## What you should do
The whole listing is to be written out again exactly; the pictures are not.

——

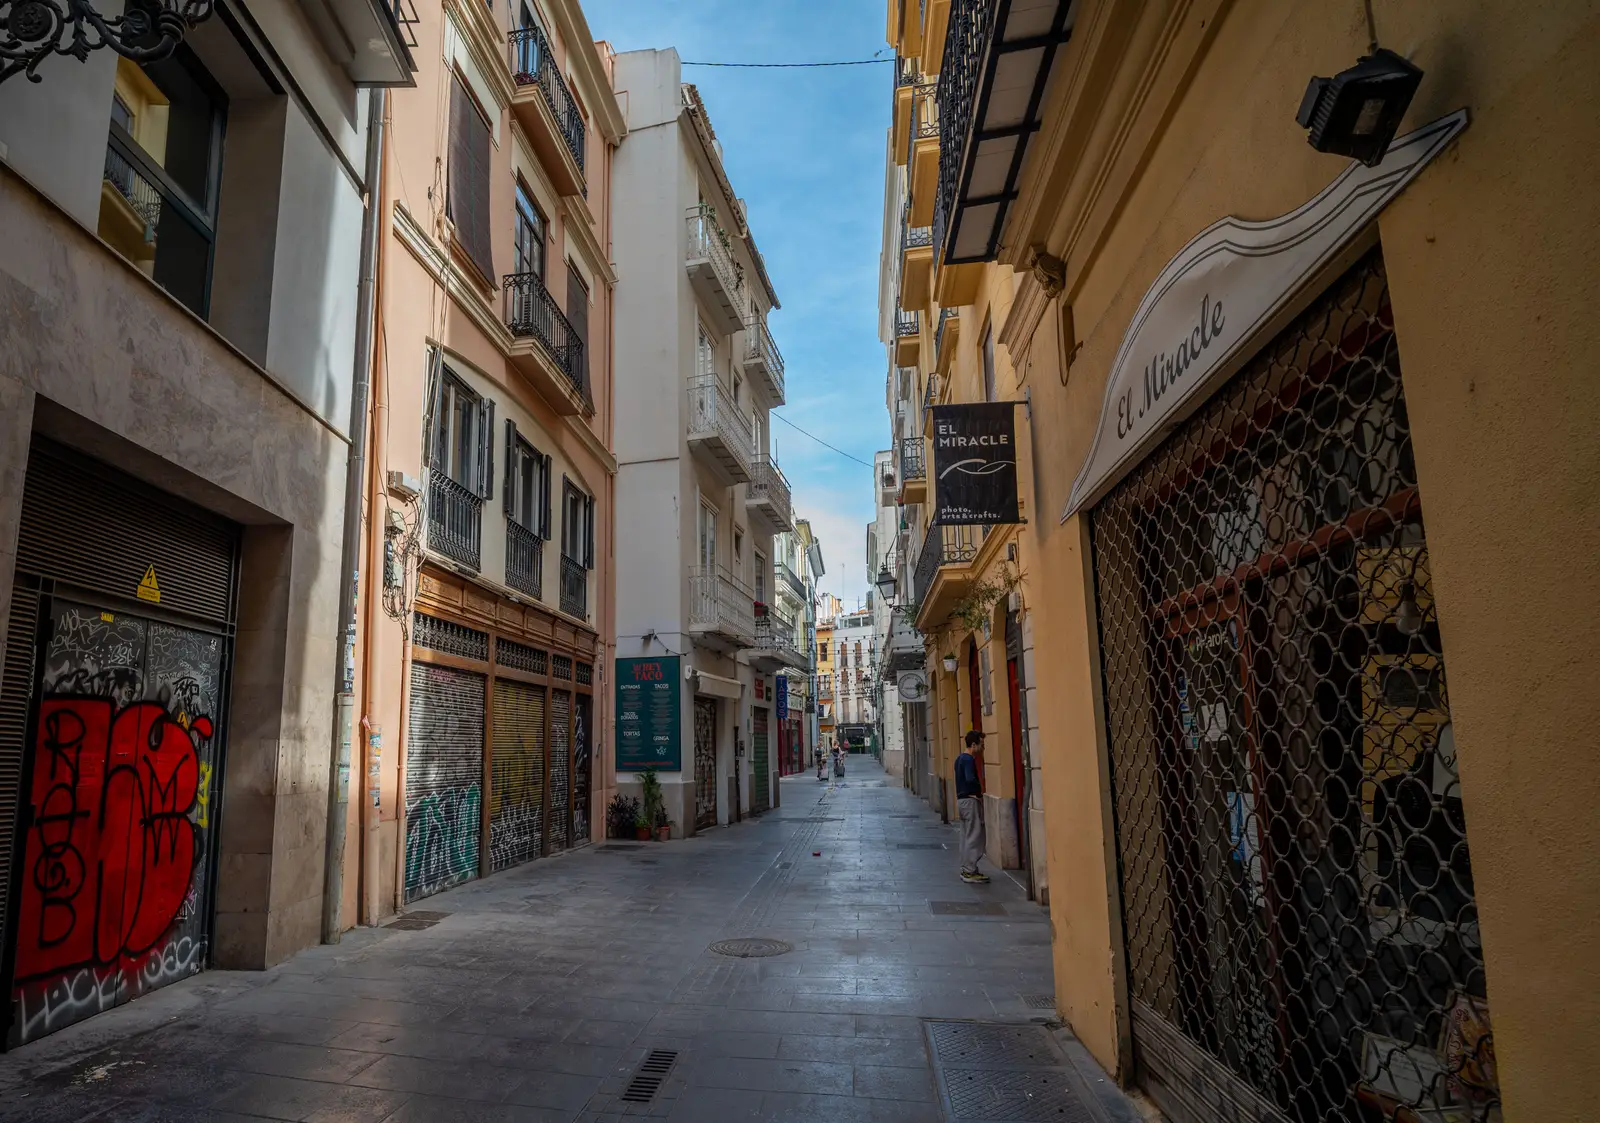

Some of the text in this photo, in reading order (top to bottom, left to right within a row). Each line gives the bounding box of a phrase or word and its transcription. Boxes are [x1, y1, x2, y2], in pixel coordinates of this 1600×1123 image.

[1117, 293, 1226, 440] El Miracle
[939, 424, 957, 435] EL
[940, 434, 1009, 447] MIRACLE
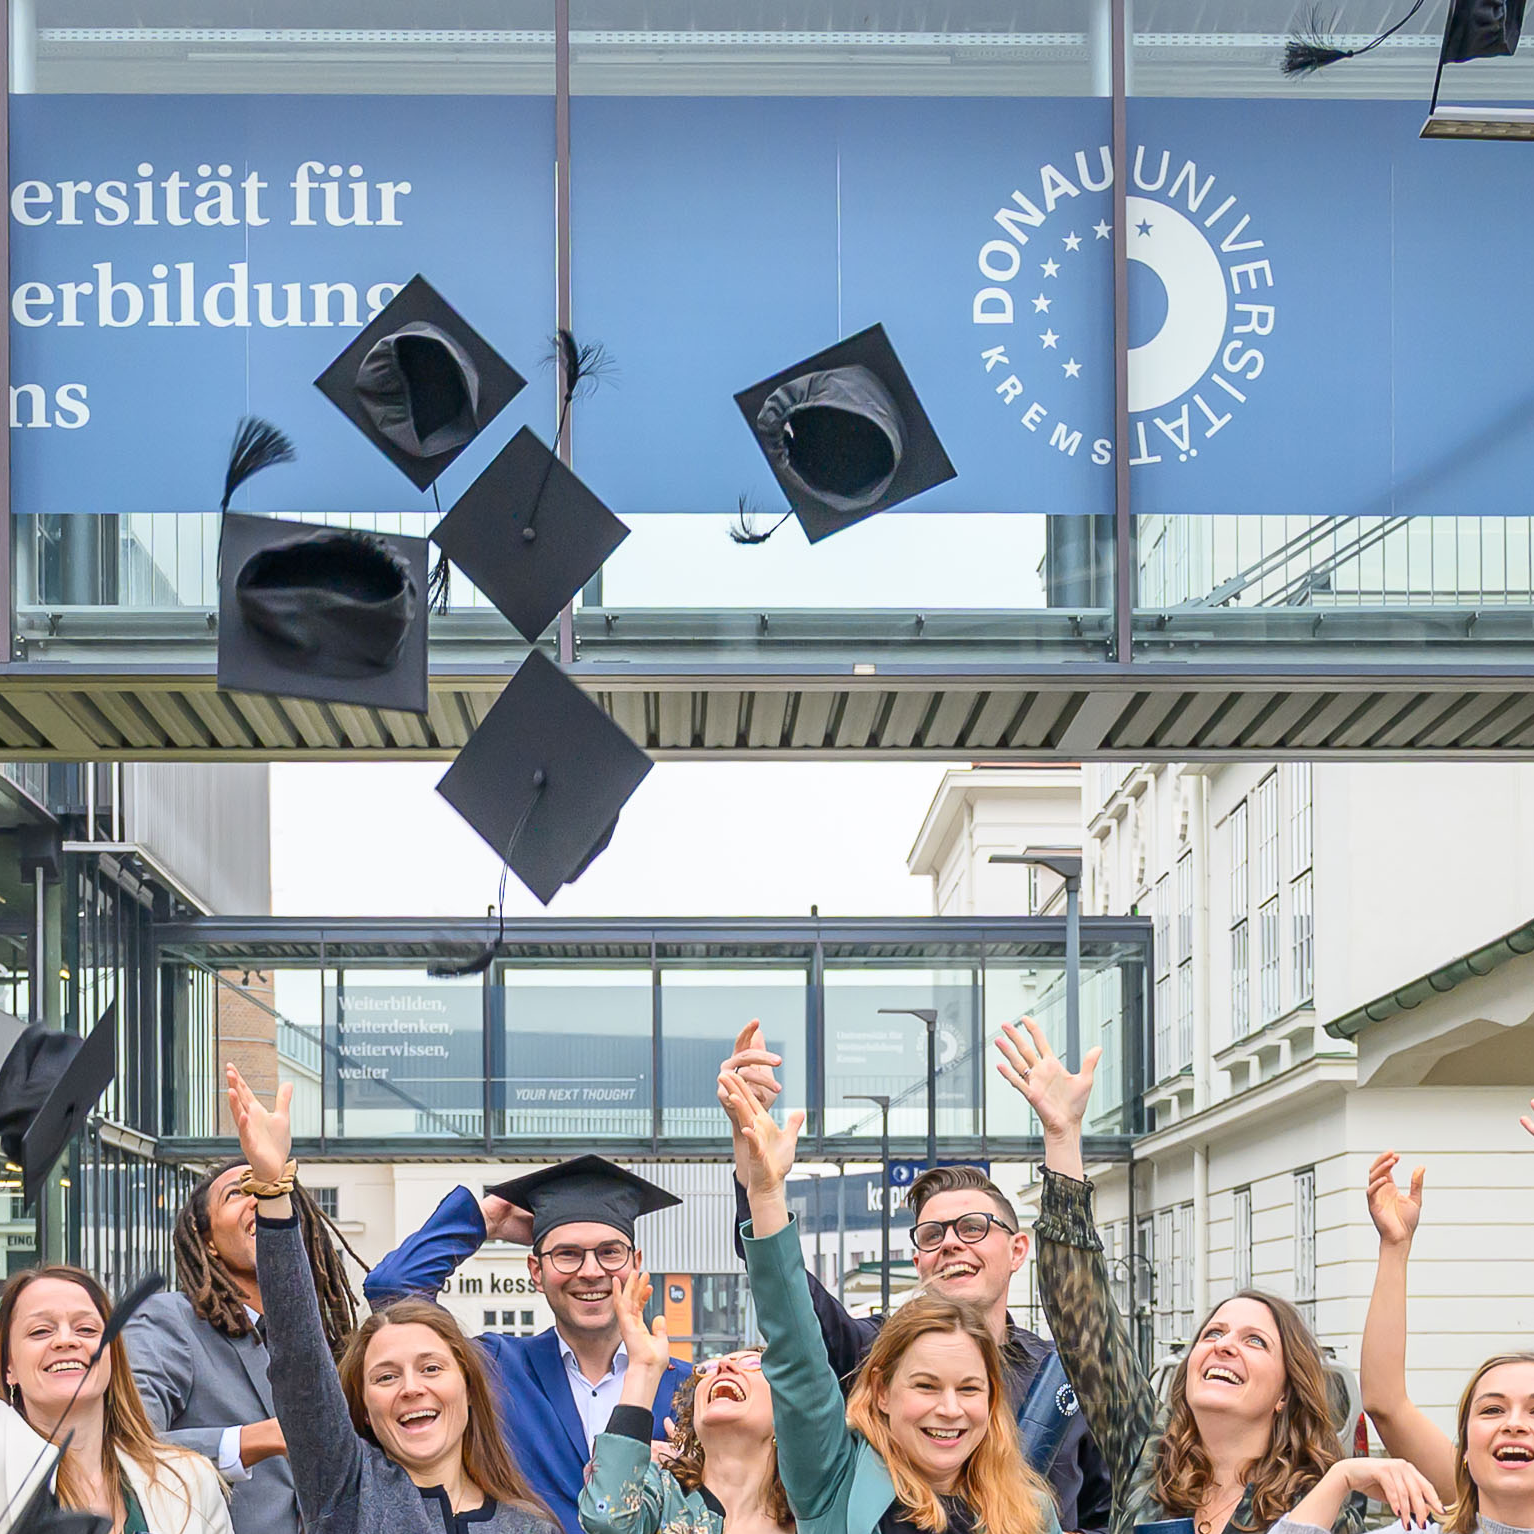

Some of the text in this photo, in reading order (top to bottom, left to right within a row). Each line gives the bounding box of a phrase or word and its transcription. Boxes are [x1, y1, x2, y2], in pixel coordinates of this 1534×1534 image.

[290, 160, 412, 226] für
[973, 145, 1276, 466] DONAU UNIVERSITÄT
[981, 344, 1113, 466] KREMS
[338, 996, 448, 1014] Weiterbilden,
[338, 1019, 454, 1035] weiterdenken,
[338, 1041, 450, 1059] weiterwissen,
[338, 1064, 389, 1080] weiter
[516, 1088, 636, 1101] YOUR NEXT THOUGHT
[459, 1272, 483, 1294] im
[490, 1272, 537, 1294] kess

——

## Answer to the exercise
Some of the text in this photo, in reading order (top to bottom, left to right within a row). Each line gives the bounding box of a phrase or word and its transcription. Boxes are [x1, y1, x2, y2], in pixel coordinates of this 1600×1123 image.

[1117, 293, 1226, 440] El Miracle
[939, 424, 957, 435] EL
[940, 434, 1009, 447] MIRACLE

Some of the text in this photo, in reading order (top to bottom, left to right within a row). Each line gives the bounding box of a phrase or word and its transcription. Boxes are [x1, y1, x2, y2], in pixel coordinates of this 1534×1534 image.

[290, 160, 412, 226] für
[973, 145, 1276, 466] DONAU UNIVERSITÄT
[981, 344, 1113, 466] KREMS
[338, 996, 448, 1014] Weiterbilden,
[338, 1019, 454, 1035] weiterdenken,
[338, 1041, 450, 1059] weiterwissen,
[338, 1064, 389, 1080] weiter
[516, 1088, 636, 1101] YOUR NEXT THOUGHT
[459, 1272, 483, 1294] im
[490, 1272, 537, 1294] kess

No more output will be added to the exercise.